What the task asks: Return the data below exactly, minus the pictures.
Data in this exercise below:
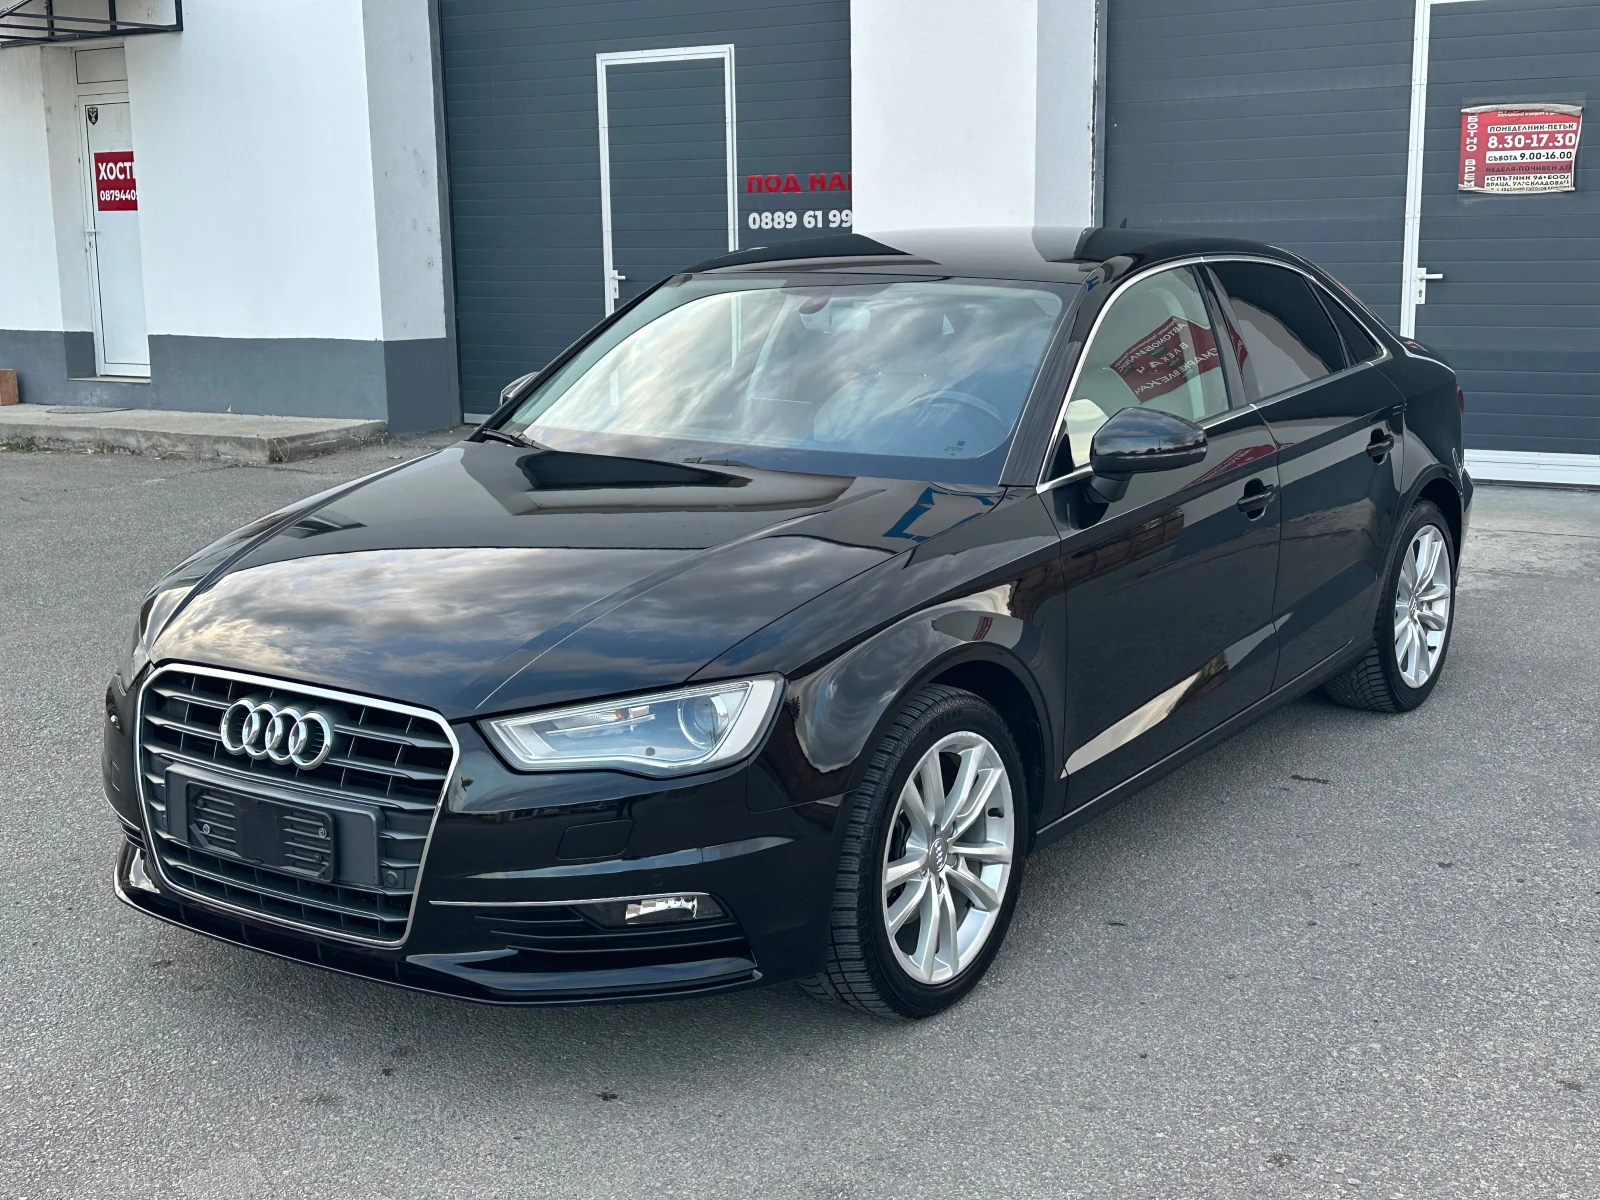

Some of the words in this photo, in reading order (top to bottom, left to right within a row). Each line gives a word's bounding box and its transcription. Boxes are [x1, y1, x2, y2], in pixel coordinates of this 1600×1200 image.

[1466, 114, 1478, 152] БОТНО
[1489, 124, 1574, 132] ПОНЕДЕЛНИК-ПЕТЪК
[1487, 133, 1576, 149] 8.30-17.30
[1488, 154, 1517, 162] СЪБОТА
[1519, 151, 1572, 160] 9.00-16.00
[746, 174, 802, 195] ПОД
[100, 189, 138, 201] 0879440
[747, 210, 797, 229] 0889
[803, 210, 823, 228] 61
[828, 209, 852, 228] 99
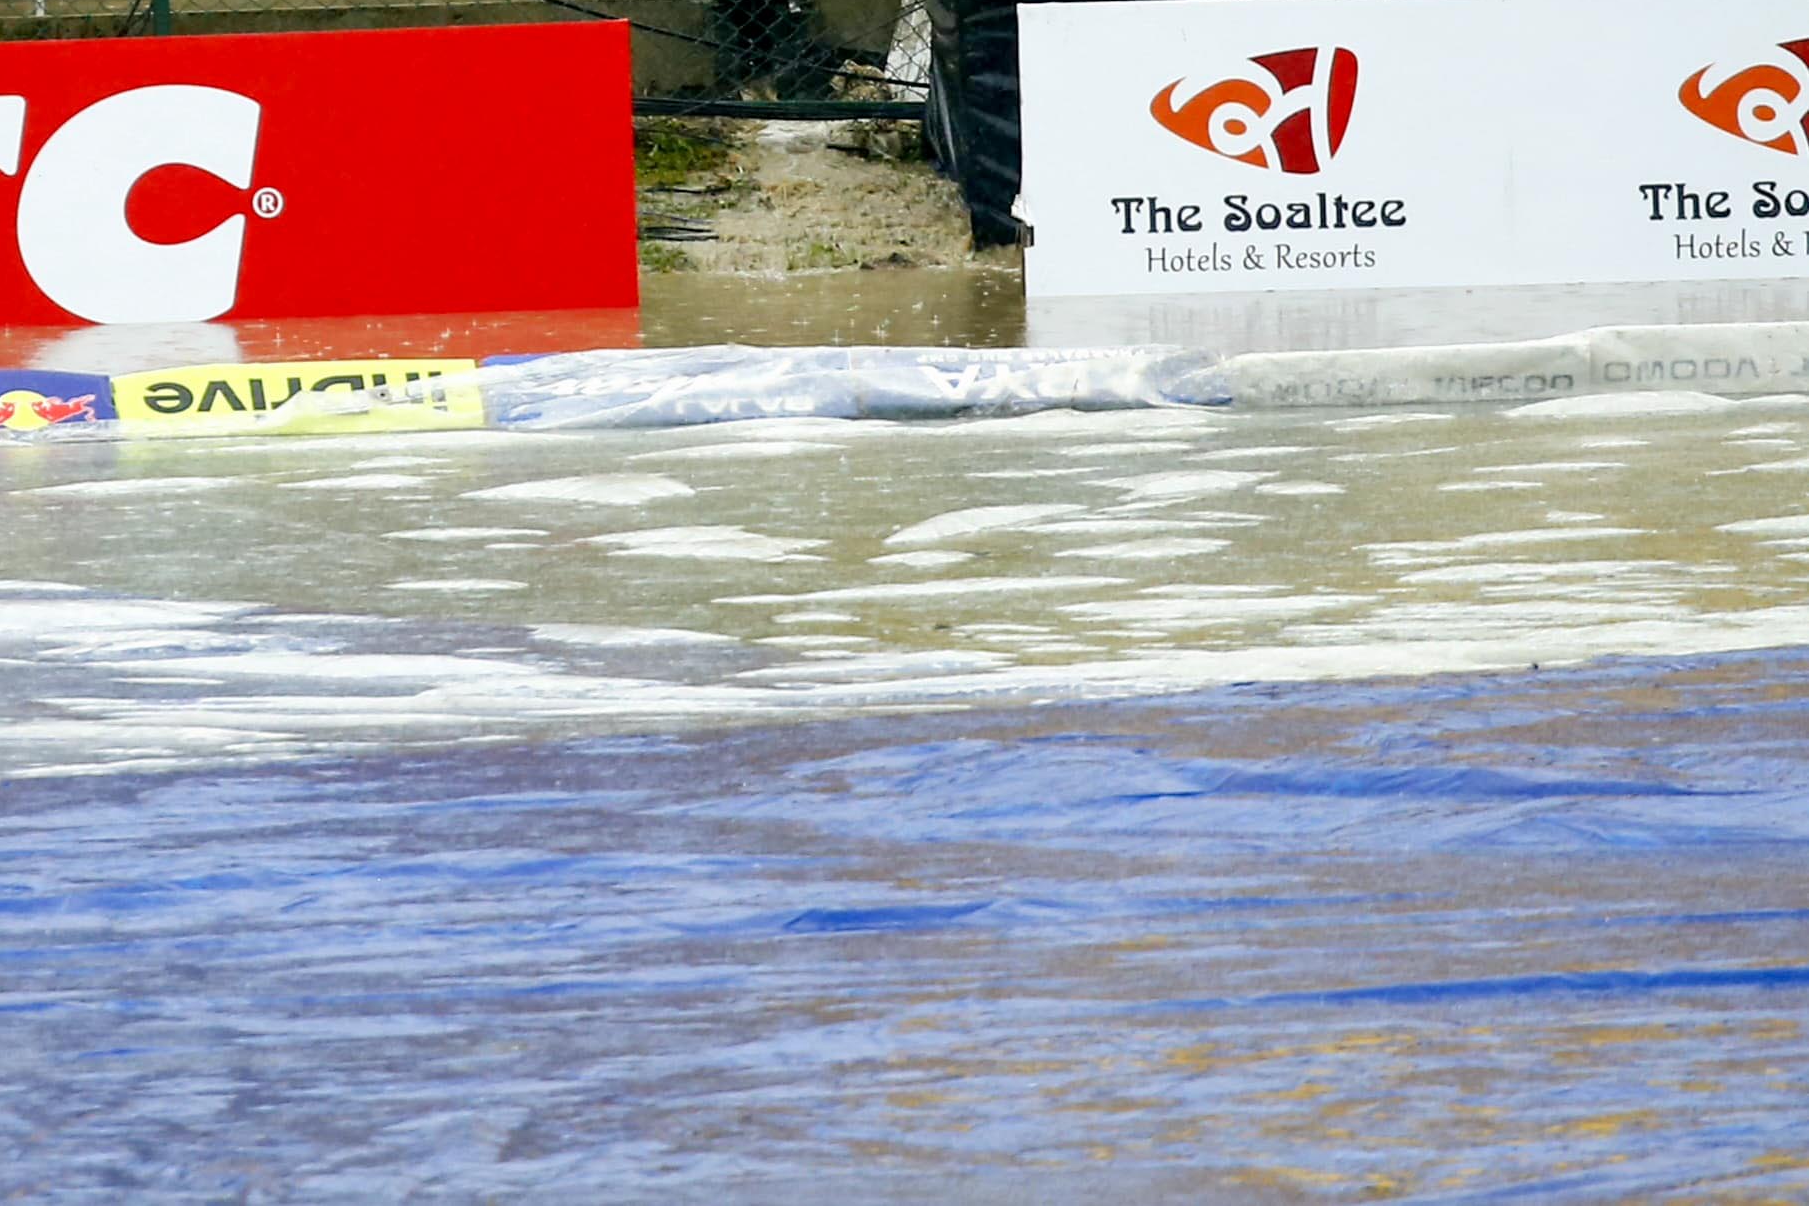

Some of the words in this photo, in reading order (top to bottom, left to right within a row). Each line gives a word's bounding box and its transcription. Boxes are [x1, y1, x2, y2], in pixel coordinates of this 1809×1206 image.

[1111, 196, 1202, 234] The
[1223, 192, 1407, 232] Soaltee
[1639, 183, 1731, 220] The
[1146, 244, 1232, 273] Hotels
[1243, 246, 1266, 270] &
[1275, 243, 1376, 270] Resorts
[1674, 230, 1762, 260] Hotels
[1771, 233, 1795, 257] &
[1604, 356, 1760, 382] OMODA
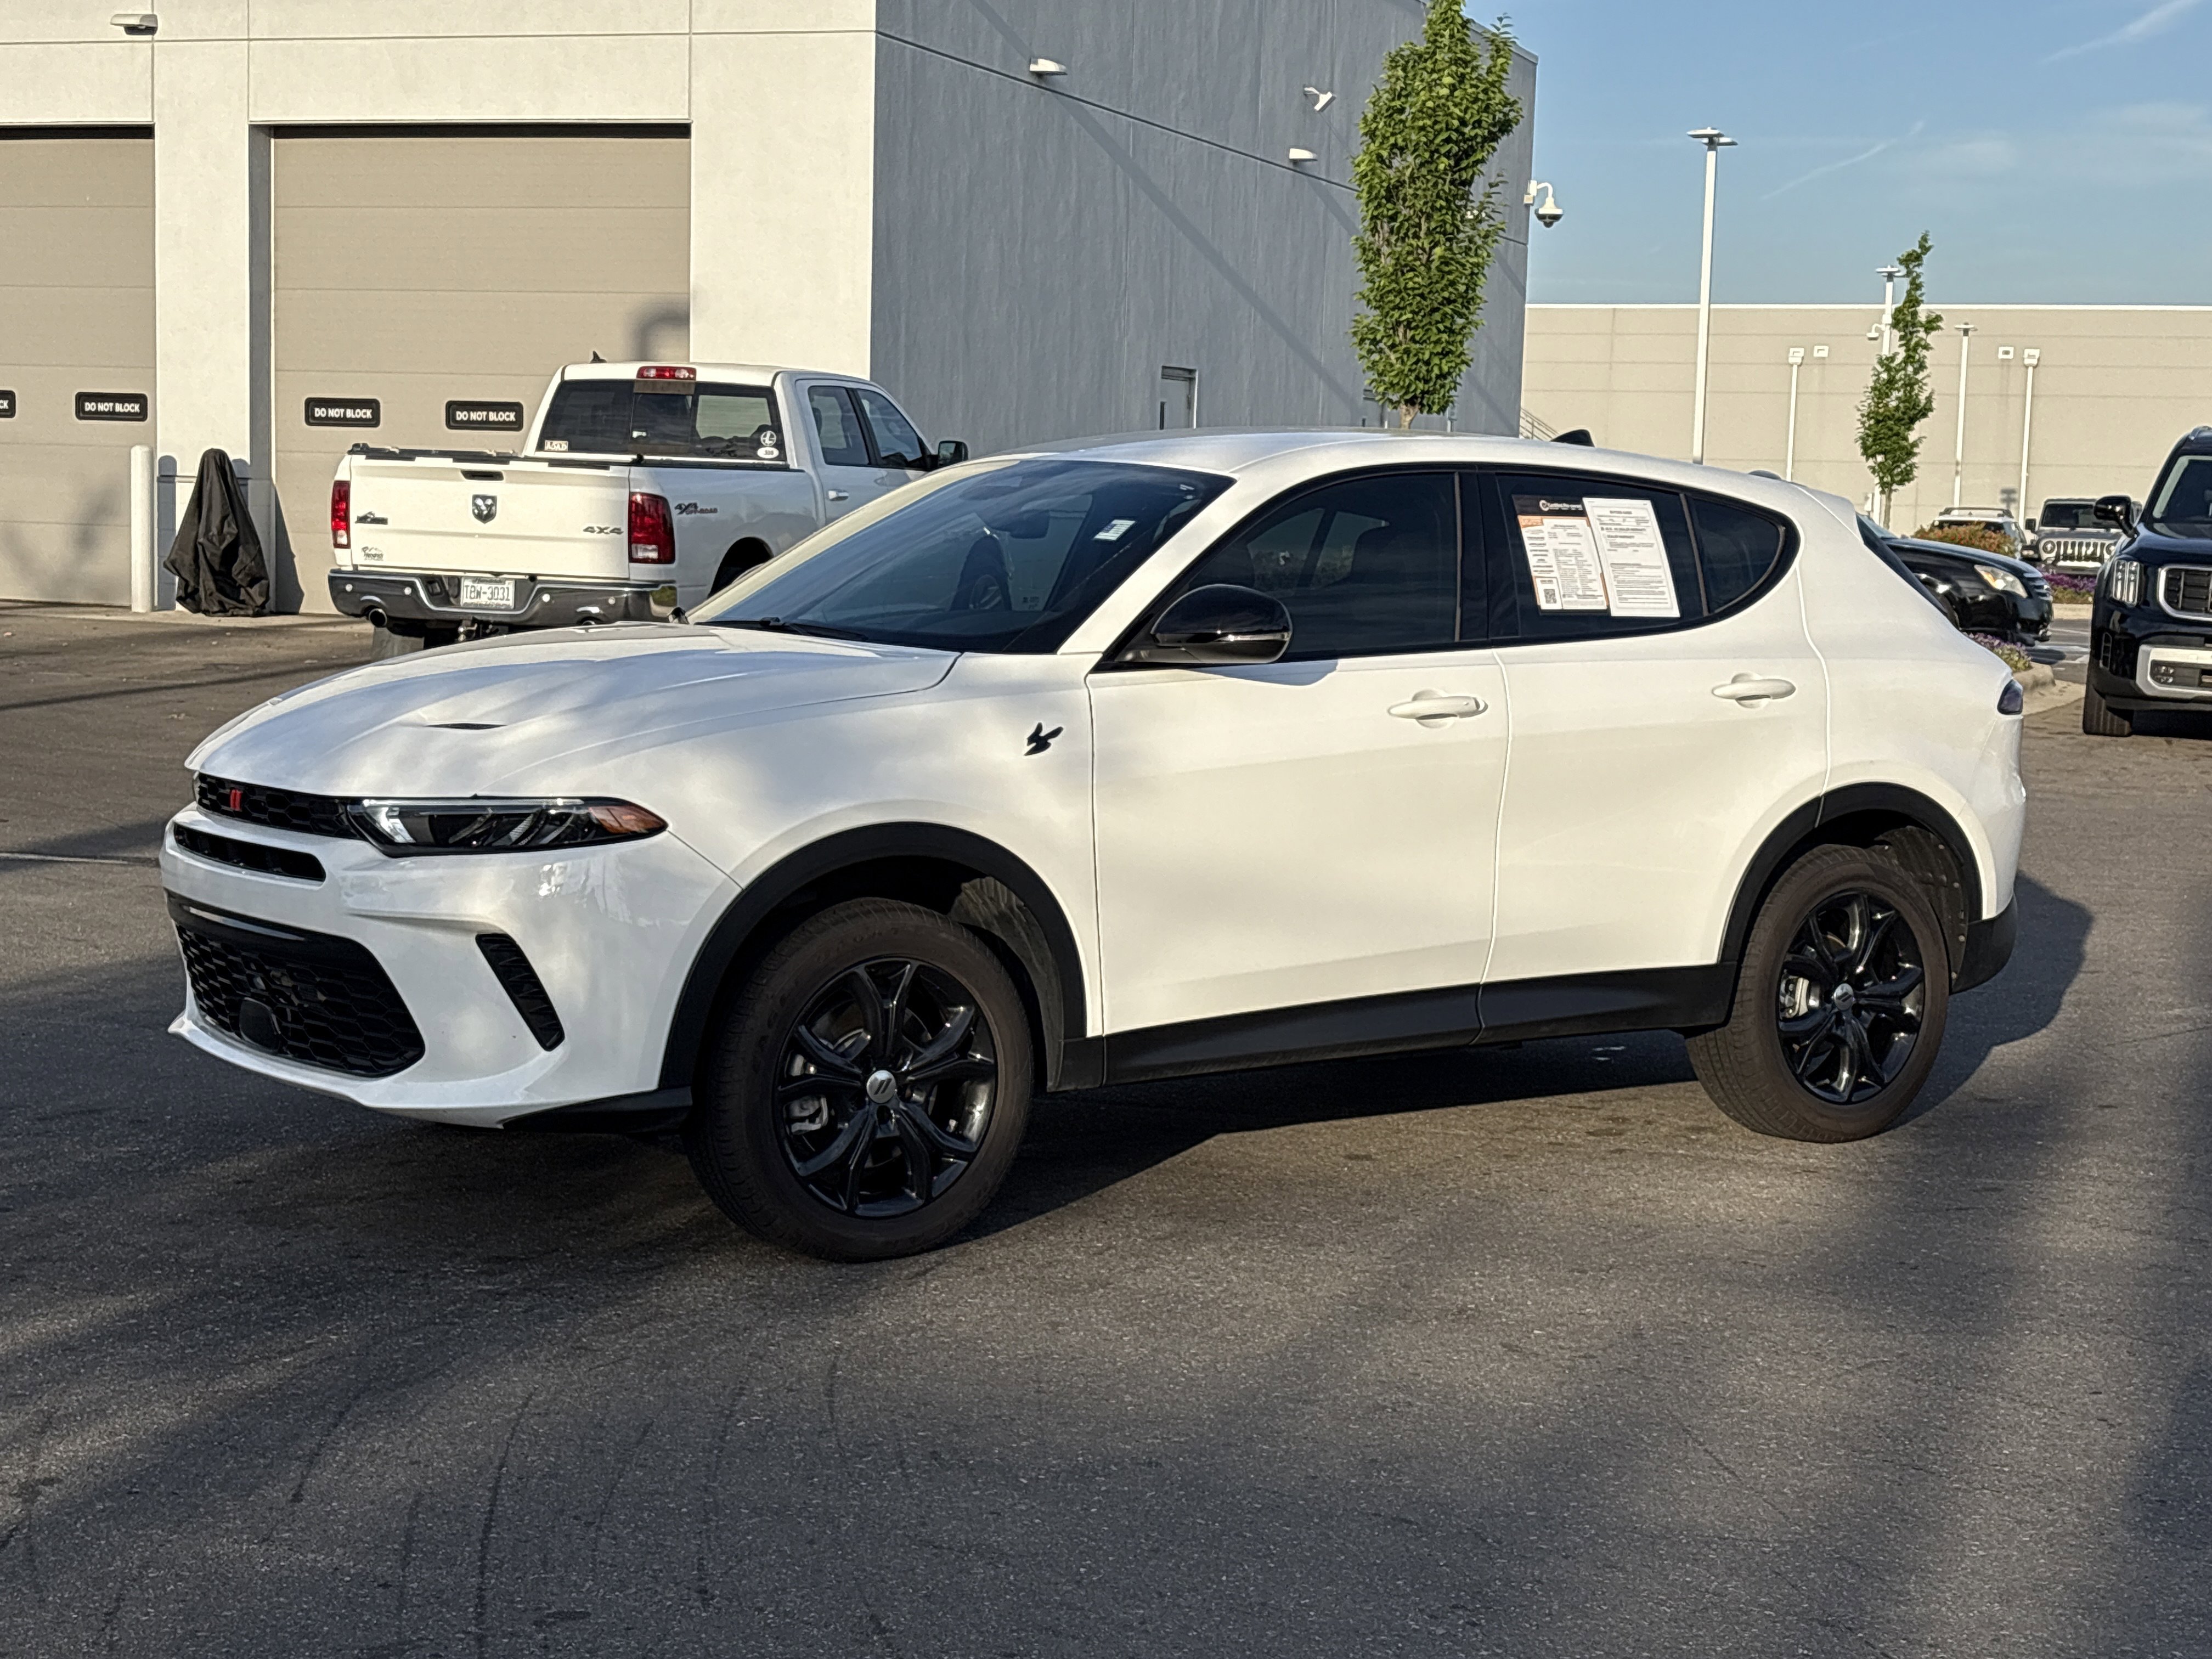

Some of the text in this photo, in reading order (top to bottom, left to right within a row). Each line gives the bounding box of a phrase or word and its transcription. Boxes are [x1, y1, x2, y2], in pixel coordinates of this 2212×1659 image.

[84, 402, 140, 413] DO NOT BLOCK
[314, 408, 373, 419] DO NOT BLOCK
[456, 411, 516, 421] DO NOT BLOCK
End of Data in this exercise.
Expected answer:
Some of the words in this photo, in reading order (top to bottom, left to right within a row). Each line gives a word's bounding box and its transcription. Boxes are [x1, y1, x2, y2], in pixel coordinates of this 1600×1200 image.

[1466, 114, 1478, 152] БОТНО
[1489, 124, 1574, 132] ПОНЕДЕЛНИК-ПЕТЪК
[1487, 133, 1576, 149] 8.30-17.30
[1488, 154, 1517, 162] СЪБОТА
[1519, 151, 1572, 160] 9.00-16.00
[746, 174, 802, 195] ПОД
[100, 189, 138, 201] 0879440
[747, 210, 797, 229] 0889
[803, 210, 823, 228] 61
[828, 209, 852, 228] 99

Some of the words in this photo, in reading order (top to bottom, left to right within a row). Each line gives a word's bounding box and its transcription. Boxes are [x1, y1, x2, y2], in pixel coordinates of this 1809×1206 image.

[1111, 196, 1202, 234] The
[1223, 192, 1407, 232] Soaltee
[1639, 183, 1731, 220] The
[1146, 244, 1232, 273] Hotels
[1243, 246, 1266, 270] &
[1275, 243, 1376, 270] Resorts
[1674, 230, 1762, 260] Hotels
[1771, 233, 1795, 257] &
[1604, 356, 1760, 382] OMODA

Some of the text in this photo, in reading order (top to bottom, left to right within a row). Each line gives the bounding box of a phrase or word and its transcription. Boxes are [x1, y1, x2, y2], in pixel coordinates of this 2212×1659 image.

[84, 402, 140, 413] DO NOT BLOCK
[314, 408, 373, 419] DO NOT BLOCK
[456, 411, 516, 421] DO NOT BLOCK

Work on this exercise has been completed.